[[ MATERIAL PROVIDED open ]]
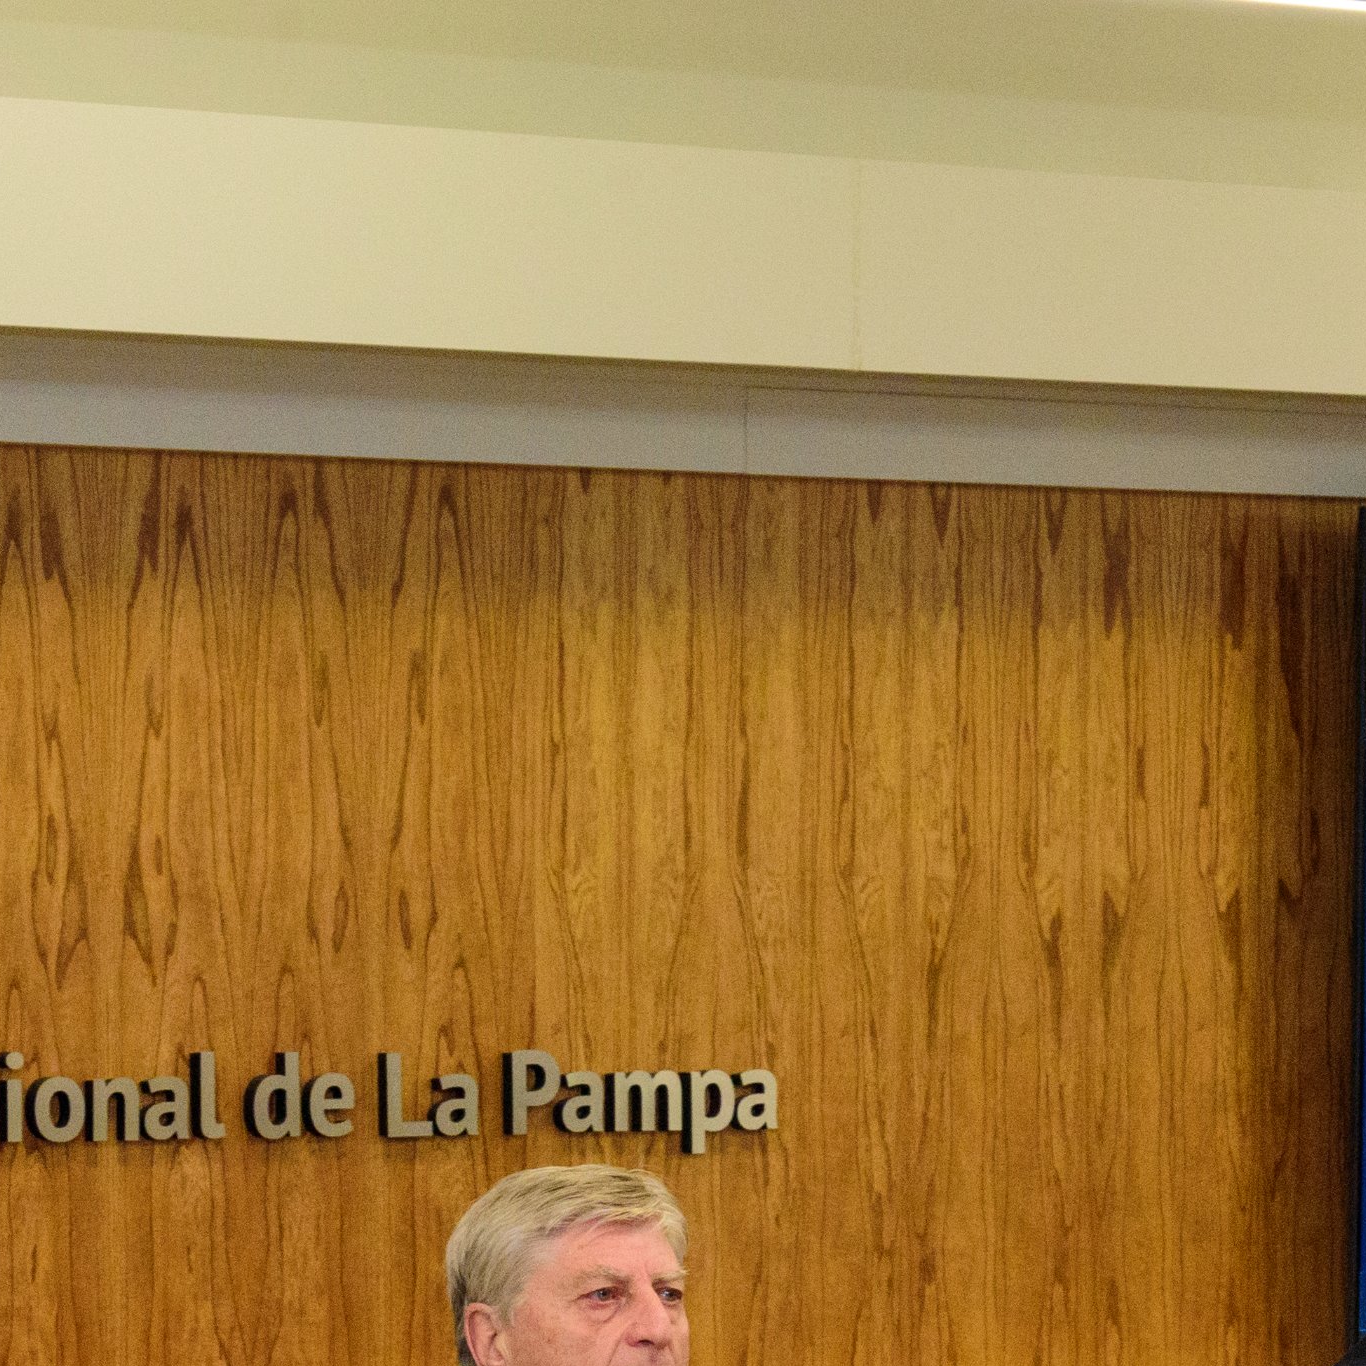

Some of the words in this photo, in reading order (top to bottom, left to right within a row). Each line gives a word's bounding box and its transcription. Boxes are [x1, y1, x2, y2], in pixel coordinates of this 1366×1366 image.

[244, 1050, 357, 1140] de
[379, 1052, 480, 1139] La
[504, 1048, 780, 1156] Pampa
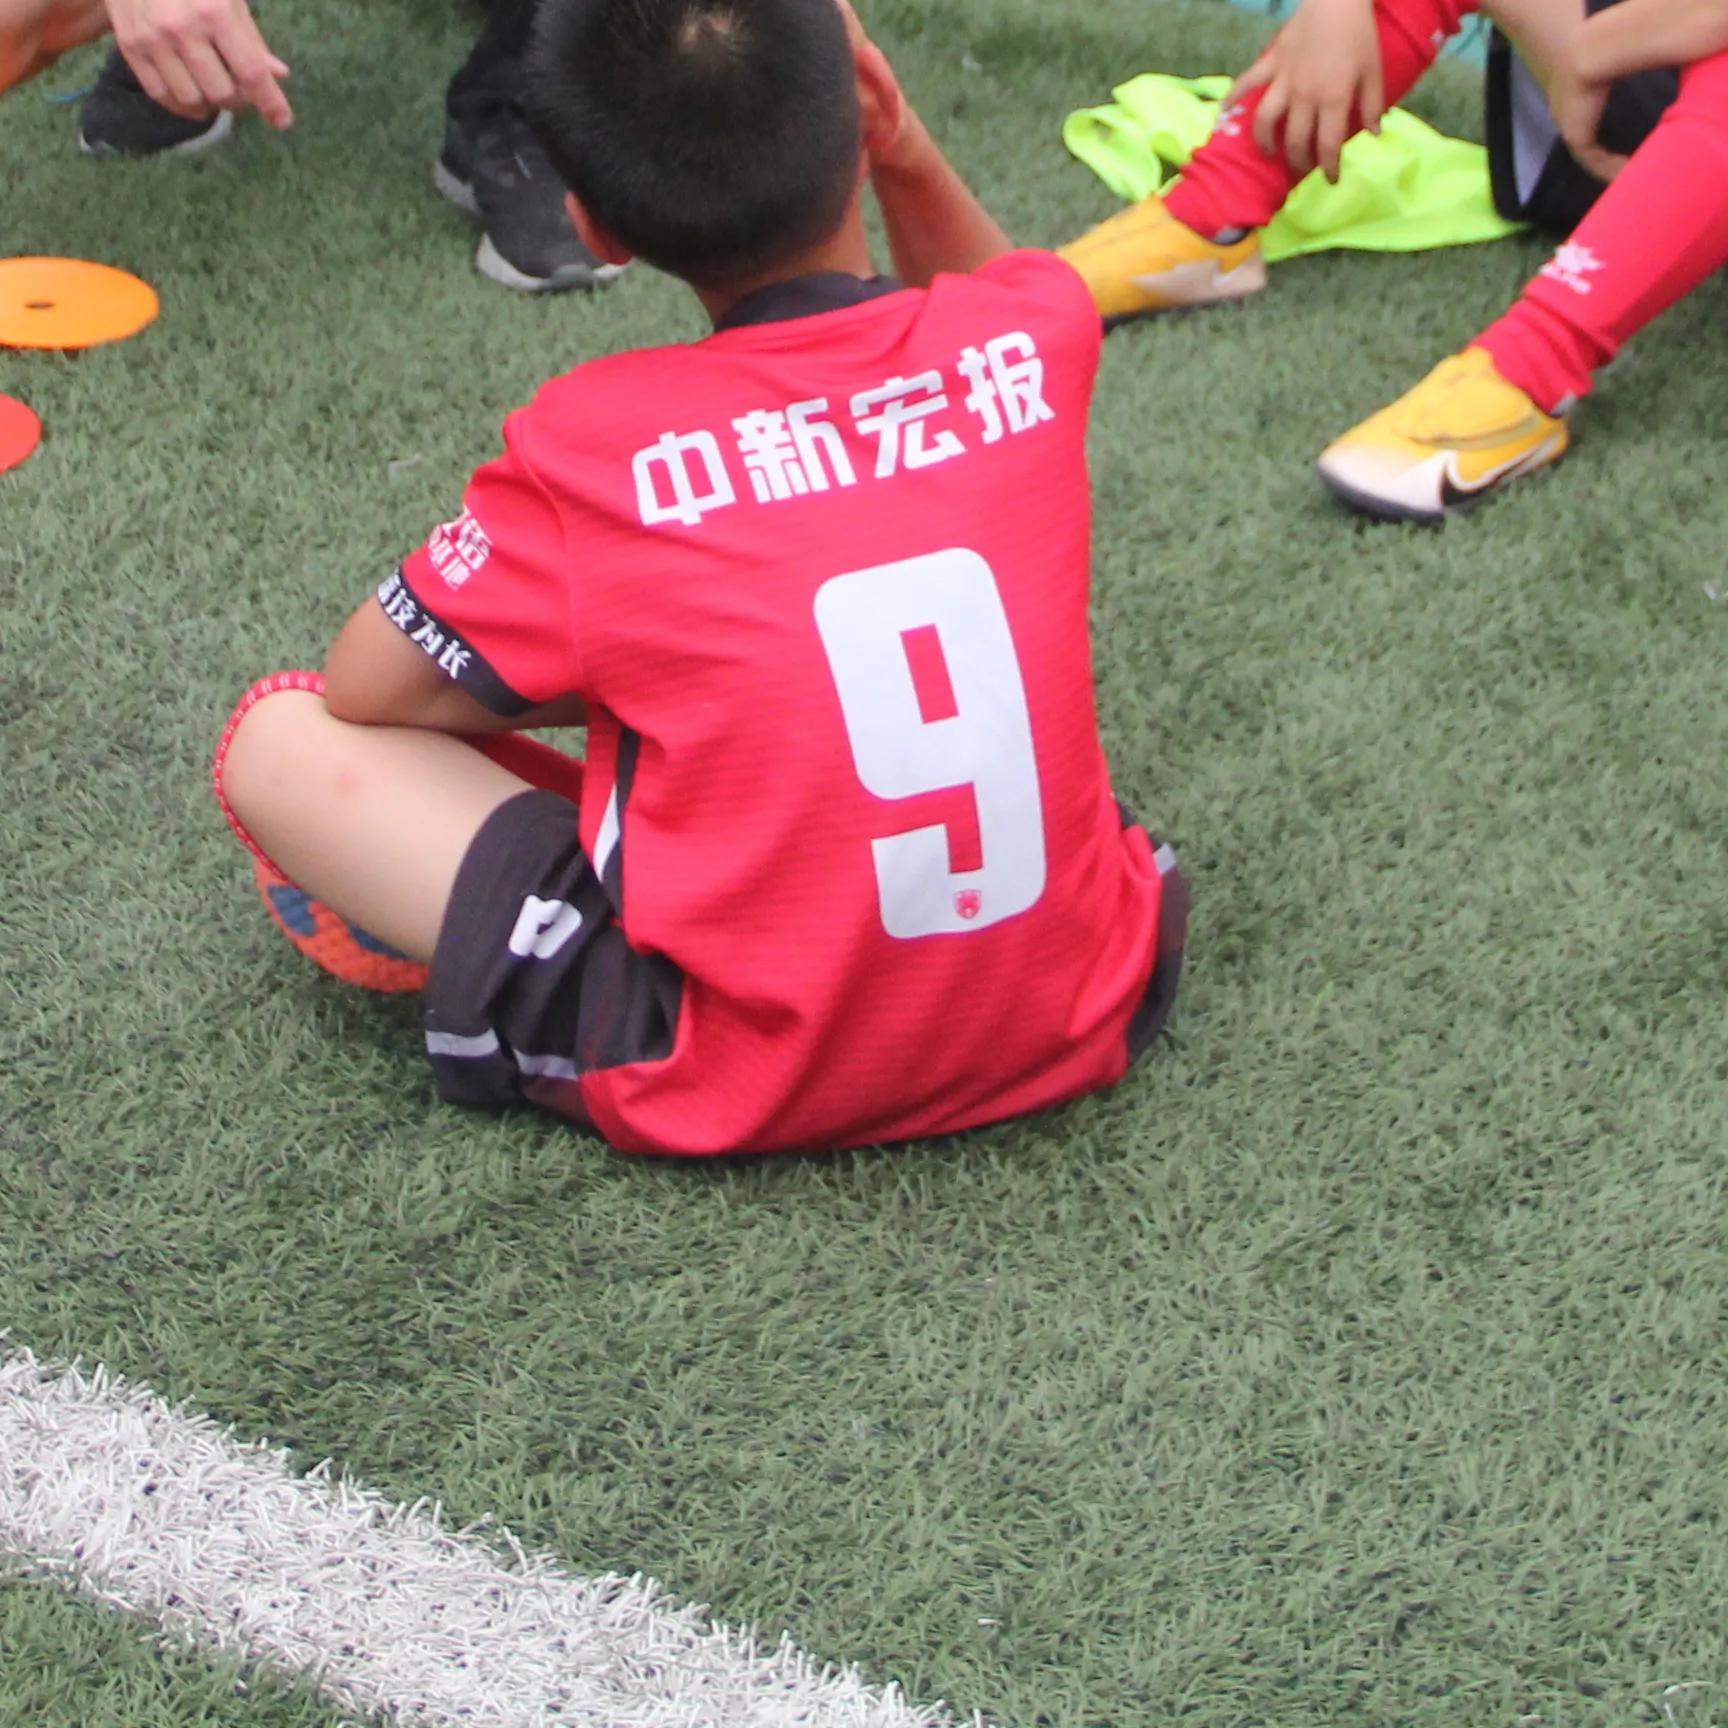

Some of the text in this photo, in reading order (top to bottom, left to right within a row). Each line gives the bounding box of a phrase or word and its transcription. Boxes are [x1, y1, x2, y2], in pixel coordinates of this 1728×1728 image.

[631, 331, 1055, 527] 中新宏报
[813, 547, 1047, 939] 9
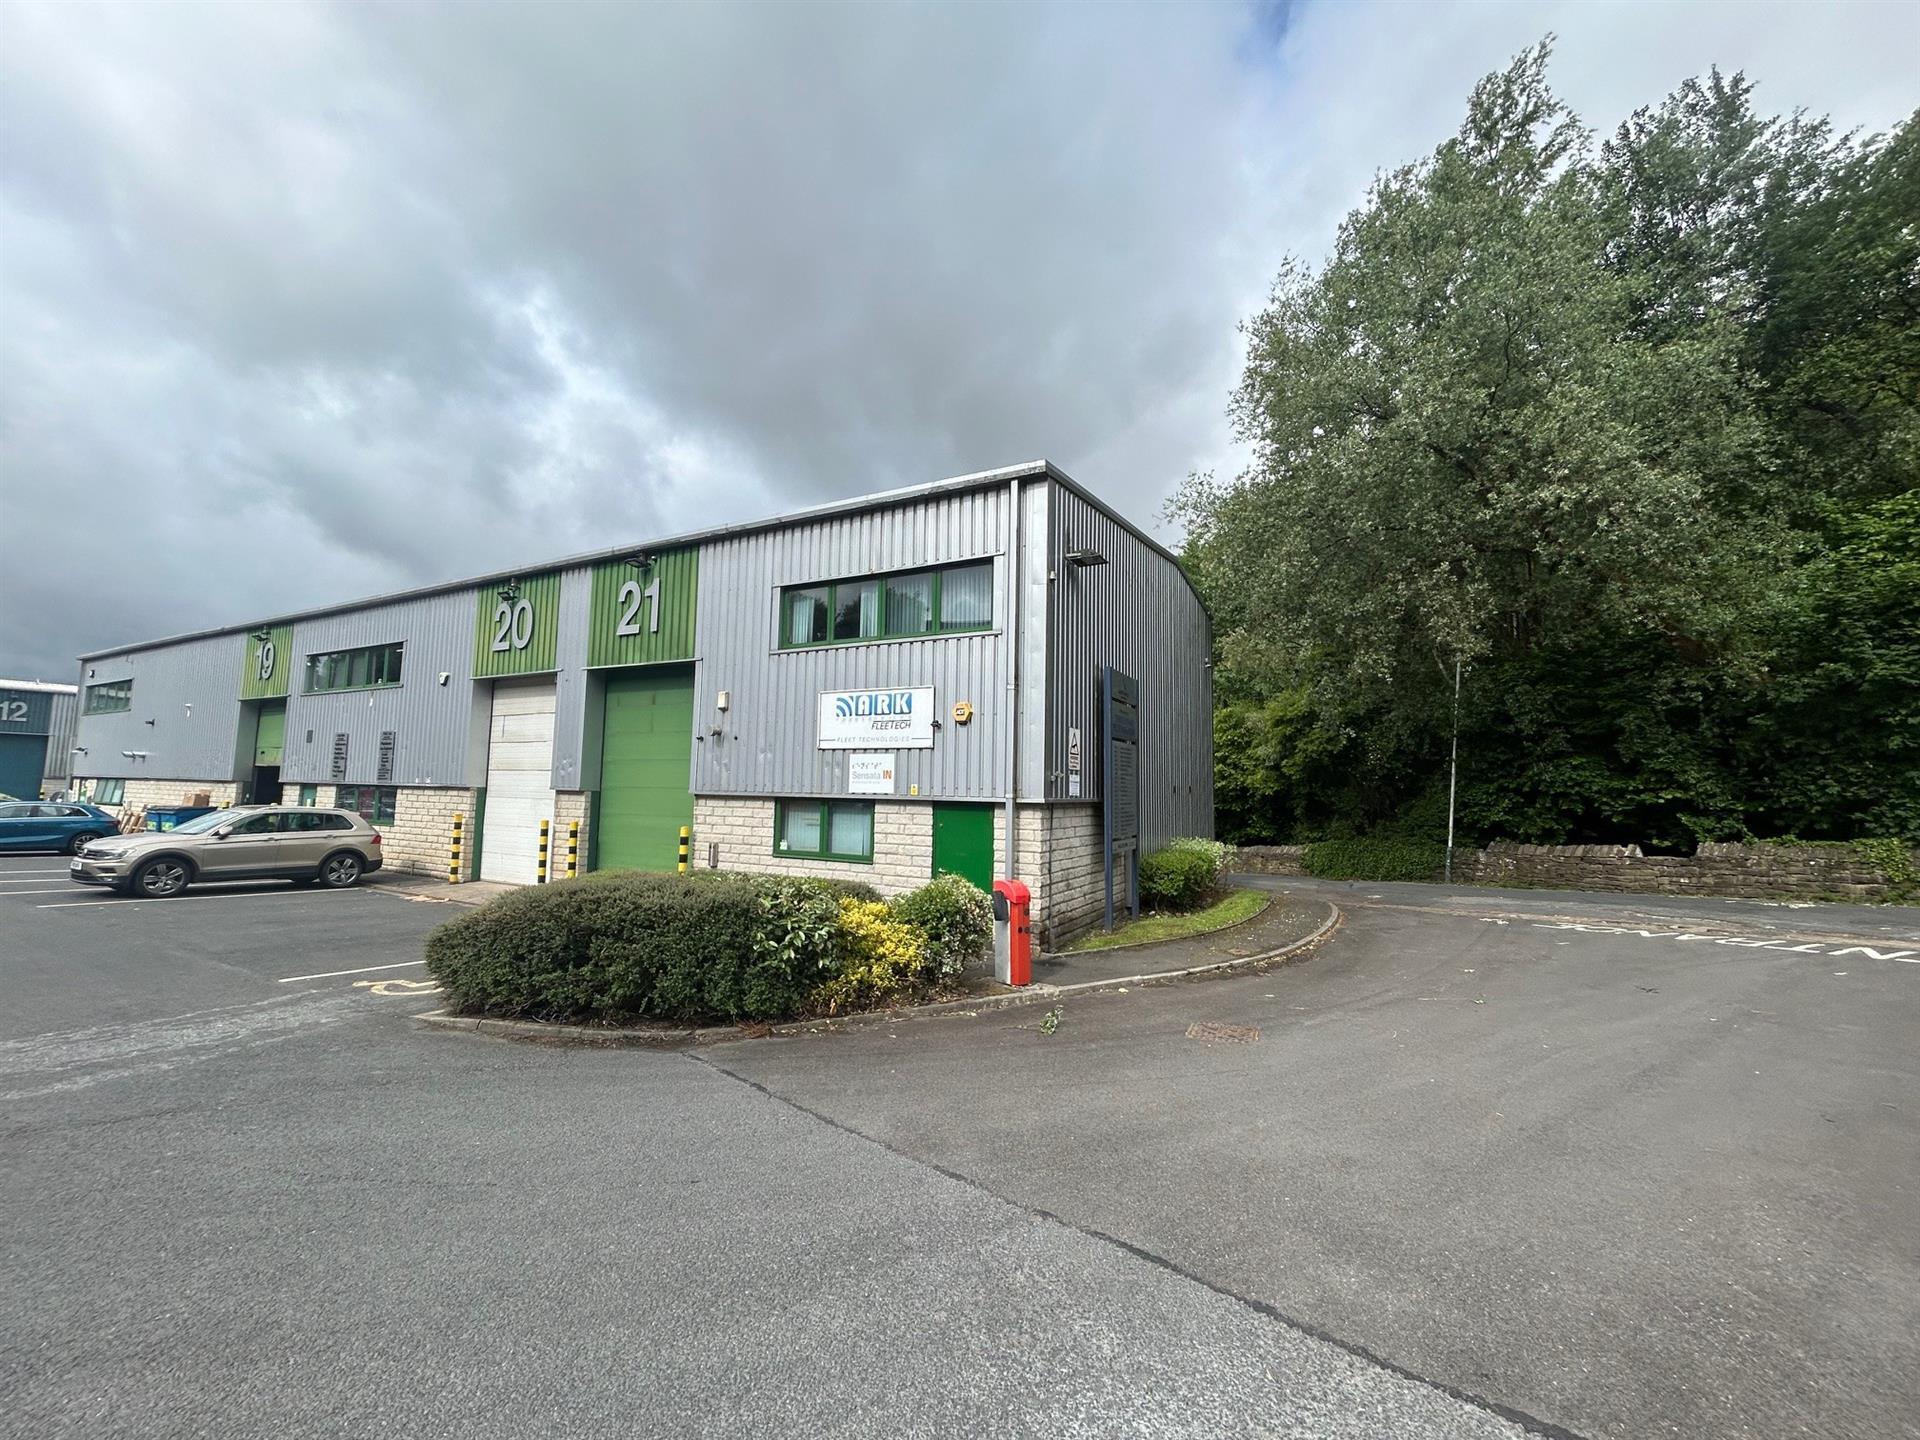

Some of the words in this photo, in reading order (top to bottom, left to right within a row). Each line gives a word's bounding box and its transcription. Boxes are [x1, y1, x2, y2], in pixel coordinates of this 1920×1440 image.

[492, 599, 533, 651] 20
[616, 577, 661, 636] 21
[256, 642, 275, 680] 19
[0, 701, 28, 722] 12
[855, 692, 912, 716] ARK
[[ MATERIAL PROVIDED closed ]]
_ASSIGNMENT_
Apart from the pictures, all of the data must be duplicated exactly as shown above.

_ANSWER SPACE_
Some of the words in this photo, in reading order (top to bottom, left to right within a row). Each line gives a word's bounding box and its transcription. Boxes are [x1, y1, x2, y2], in pixel coordinates of this 1366×1366 image.

[244, 1050, 357, 1140] de
[379, 1052, 480, 1139] La
[504, 1048, 780, 1156] Pampa

Some of the text in this photo, in reading order (top to bottom, left to right within a row). Each line gives the bounding box of a phrase or word and its transcription. Boxes are [x1, y1, x2, y2], in pixel coordinates of this 1728×1728 image.

[631, 331, 1055, 527] 中新宏报
[813, 547, 1047, 939] 9

Some of the words in this photo, in reading order (top to bottom, left to right within a row). Each line gives a word's bounding box and its transcription. Boxes are [x1, y1, x2, y2], in pixel coordinates of this 1920×1440 image.

[492, 599, 533, 651] 20
[616, 577, 661, 636] 21
[256, 642, 275, 680] 19
[0, 701, 28, 722] 12
[855, 692, 912, 716] ARK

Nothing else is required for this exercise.